## Task goal
Pictures aside, output each record exactly.

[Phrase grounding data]
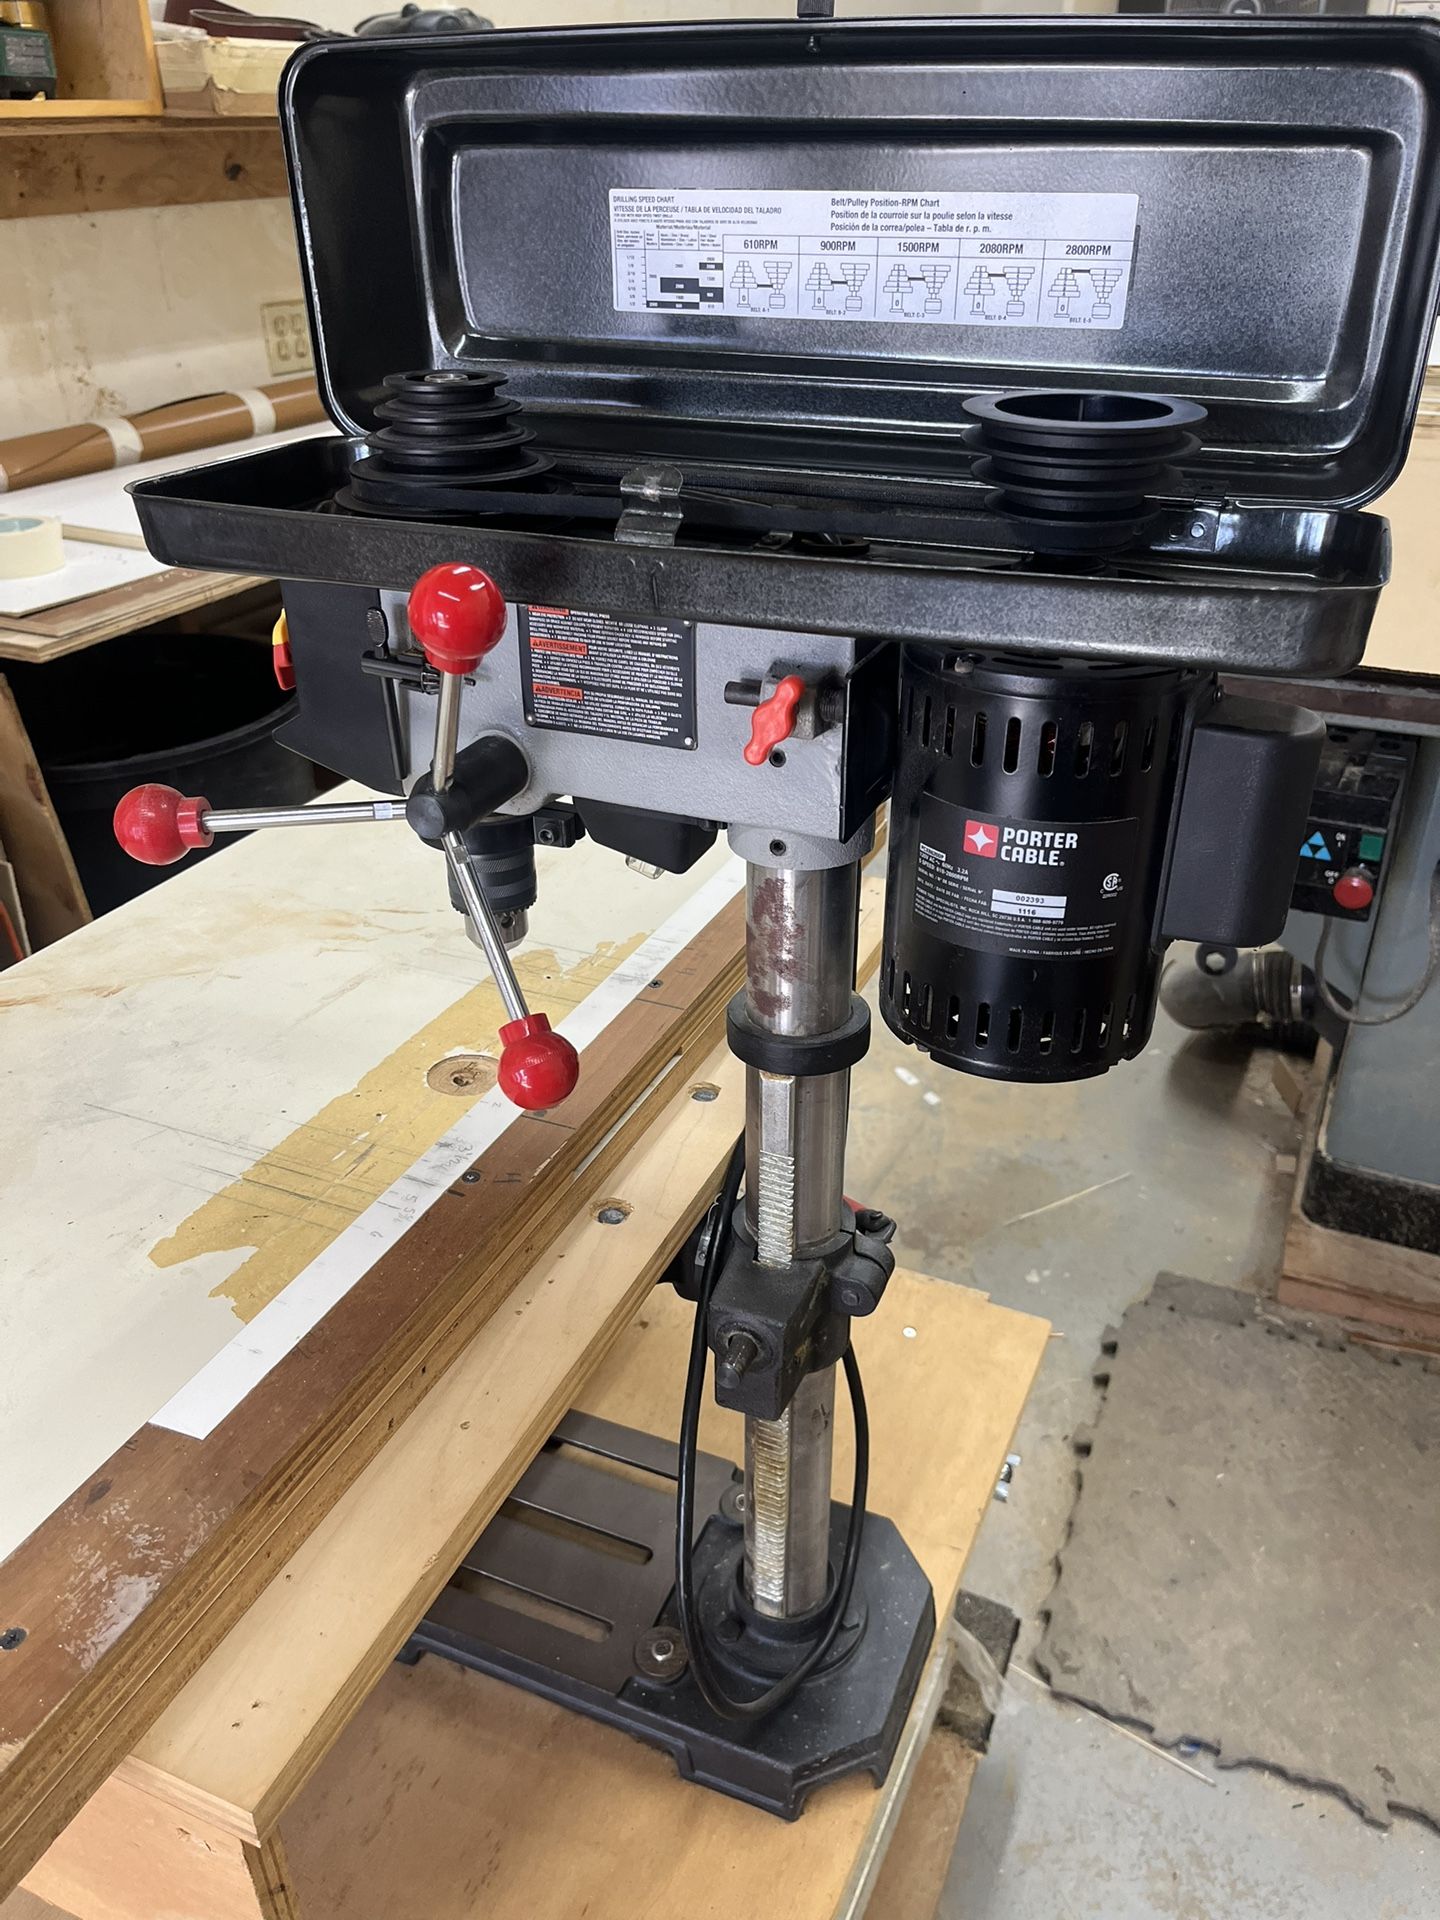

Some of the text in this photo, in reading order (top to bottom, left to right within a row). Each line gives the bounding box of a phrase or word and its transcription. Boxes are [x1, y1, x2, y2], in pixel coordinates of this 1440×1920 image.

[831, 198, 940, 208] Belt/Pulley Position-RPM Chart
[831, 211, 858, 219] Position
[860, 211, 869, 219] de
[871, 211, 877, 219] la
[879, 211, 909, 219] courroie
[923, 211, 930, 219] la
[932, 212, 955, 221] poulie
[956, 212, 976, 220] selon
[978, 212, 984, 220] la
[987, 212, 1013, 220] vitesse
[830, 222, 859, 231] Posición
[861, 223, 870, 231] de
[872, 223, 878, 231] la
[880, 223, 925, 233] correa/polea
[933, 224, 953, 232] Tabla
[955, 224, 964, 232] de
[743, 240, 778, 250] 610RPM
[820, 241, 856, 251] 900RPM
[898, 242, 940, 253] 1500RPM
[980, 243, 1024, 254] 2080RPM
[1065, 245, 1111, 255] 2800RPM
[538, 640, 586, 652] AVERTISSEMENT
[541, 685, 581, 697] ADVERTENCIA
[1003, 827, 1078, 849] PORTER
[1335, 832, 1346, 841] ON
[957, 867, 969, 875] 3.2A
[1016, 895, 1045, 904] 002393

## Response to the exercise
Some of the text in this photo, in reading order (top to bottom, left to right within a row). Each line gives the bounding box of a phrase or word and its transcription. Boxes are [x1, y1, x2, y2], in pixel coordinates of this 1440×1920 image.

[831, 198, 940, 208] Belt/Pulley Position-RPM Chart
[831, 211, 858, 219] Position
[860, 211, 869, 219] de
[871, 211, 877, 219] la
[879, 211, 909, 219] courroie
[923, 211, 930, 219] la
[932, 212, 955, 221] poulie
[956, 212, 976, 220] selon
[978, 212, 984, 220] la
[987, 212, 1013, 220] vitesse
[830, 222, 859, 231] Posición
[861, 223, 870, 231] de
[872, 223, 878, 231] la
[880, 223, 925, 233] correa/polea
[933, 224, 953, 232] Tabla
[955, 224, 964, 232] de
[743, 240, 778, 250] 610RPM
[820, 241, 856, 251] 900RPM
[898, 242, 940, 253] 1500RPM
[980, 243, 1024, 254] 2080RPM
[1065, 245, 1111, 255] 2800RPM
[538, 640, 586, 652] AVERTISSEMENT
[541, 685, 581, 697] ADVERTENCIA
[1003, 827, 1078, 849] PORTER
[1335, 832, 1346, 841] ON
[957, 867, 969, 875] 3.2A
[1016, 895, 1045, 904] 002393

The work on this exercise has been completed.